Covid emergency causing Thames to choke with pollution from single-use plastic PPE

Volunteers on the Isle of Dogs foreshore opposite Greenwich Palace

Volunteers on Isle of Dogs foreshore opposite Greenwich on an annual Thames21's clean-up - Credit: Thames21

The coronavirus is causing one of the biggest pollution crises along the Thames in decades including Covid face masks being washed ashore. 

Covid disposable face mask on the Thames foreshore at Isle of Dogs 

Discarded single-use Covid face mask washed up at Isle of Dogs - Credit: Thames21

One of the worst spots is the foreshore along the Isle of Dogs where the tidal flow is slowed down by the bend in the river, the latest mass survey by Thames 21 charity has found. 

Covid PPE being discarded included plastic gloves and masks found on 70 per cent of the stretches being studied. 

The foreshore was surveyed by staff and volunteers which has discovered “every section of river found to contain plastic” at an average of 322 pieces to every 100 yards.   

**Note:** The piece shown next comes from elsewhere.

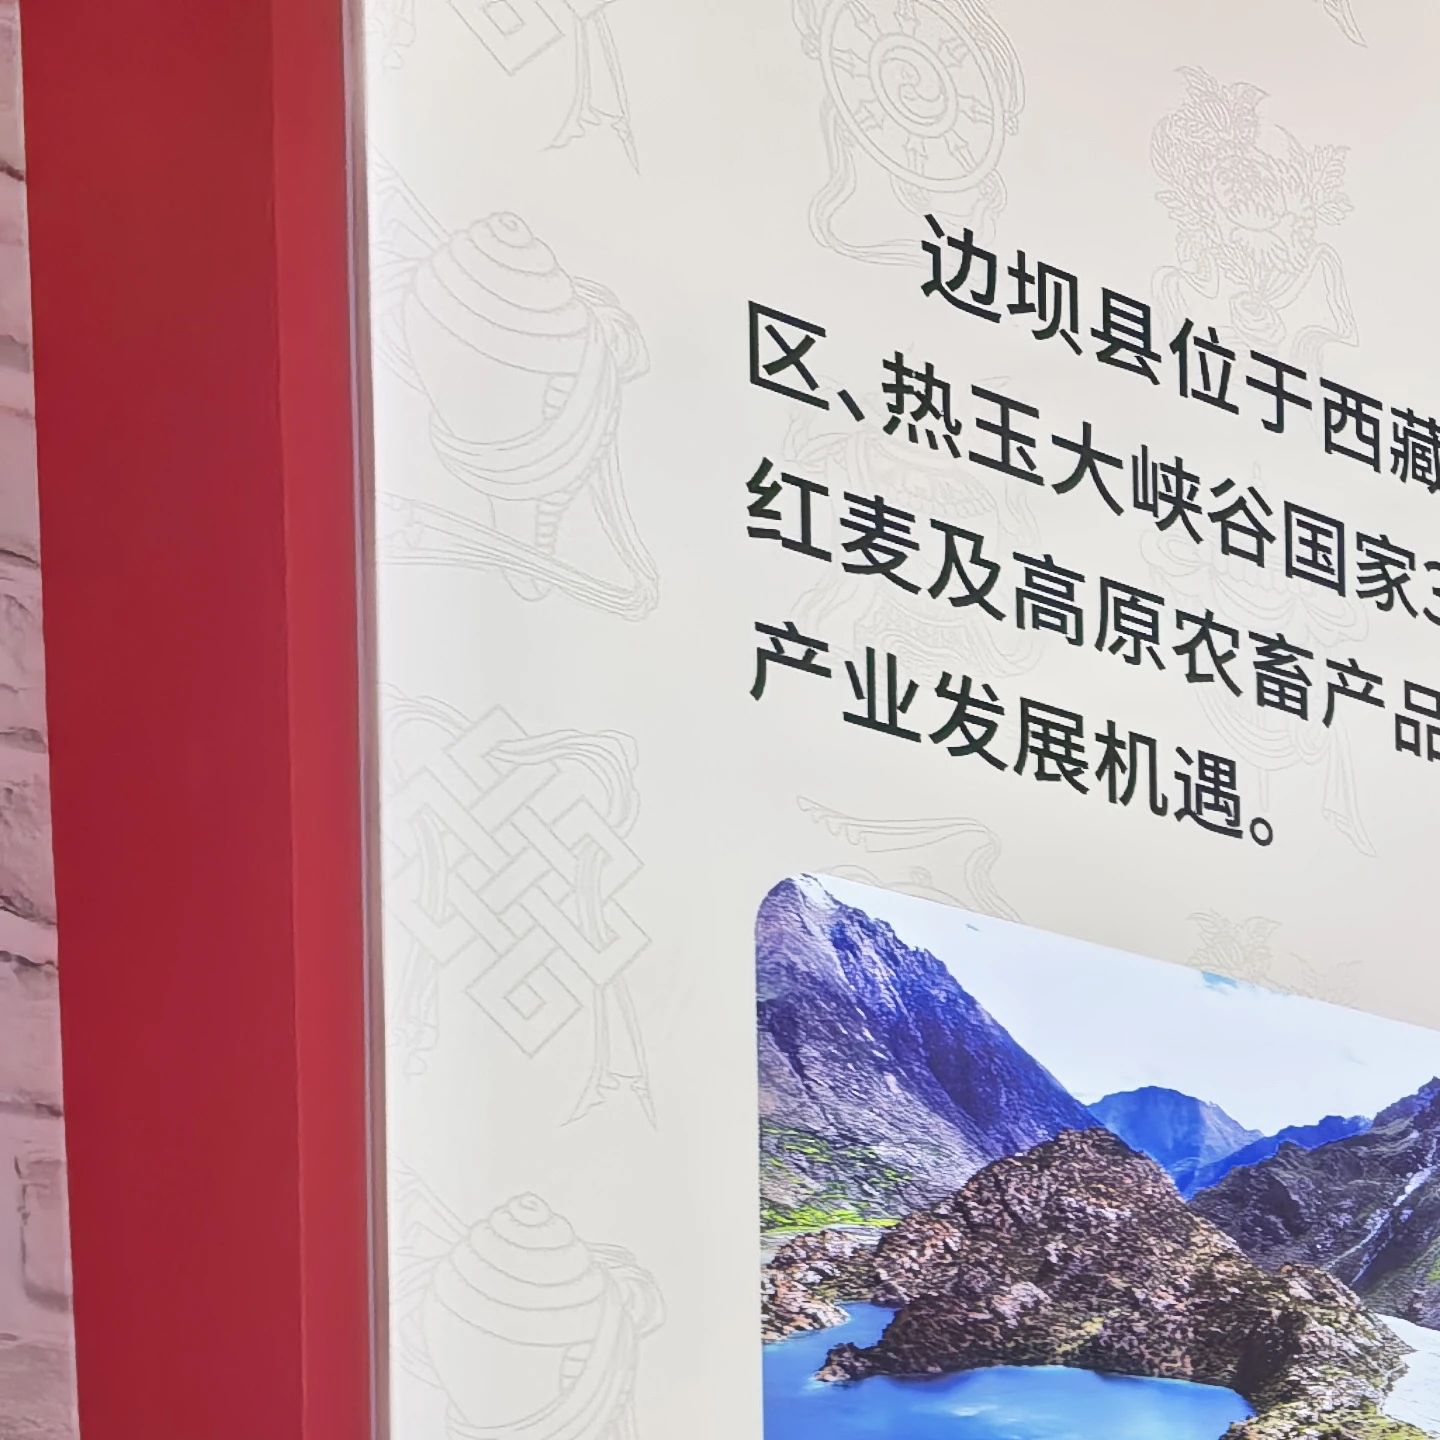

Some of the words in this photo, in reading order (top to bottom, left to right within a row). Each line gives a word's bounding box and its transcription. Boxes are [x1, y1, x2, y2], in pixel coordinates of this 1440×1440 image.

Microplastic pollution being fished out of Millwall Docks

Microplastic pollution fished out of Millwall Docks - Credit: Thames21

The pandemic also appears to be causing an increase in single-use plastic pollution, with 1,600 plastic cups recovered from clean-ups between July and September, twice as many as the same period last year despite pubs and restaurants being closed during the lockdown. 

Plastic cups washed up on the Thames foreshore

One of many single-use plastic cups washed up on the foreshore - Credit: Thames21

“Covid has seen the move away from reusable to single-use items in the mistaken belief that these are safer,” Thames21’s  monitoring co-ordinator AJ McConville said.

“The health of the Thames should not depend on volunteer clean-ups — we need to turn off the plastic tap at source.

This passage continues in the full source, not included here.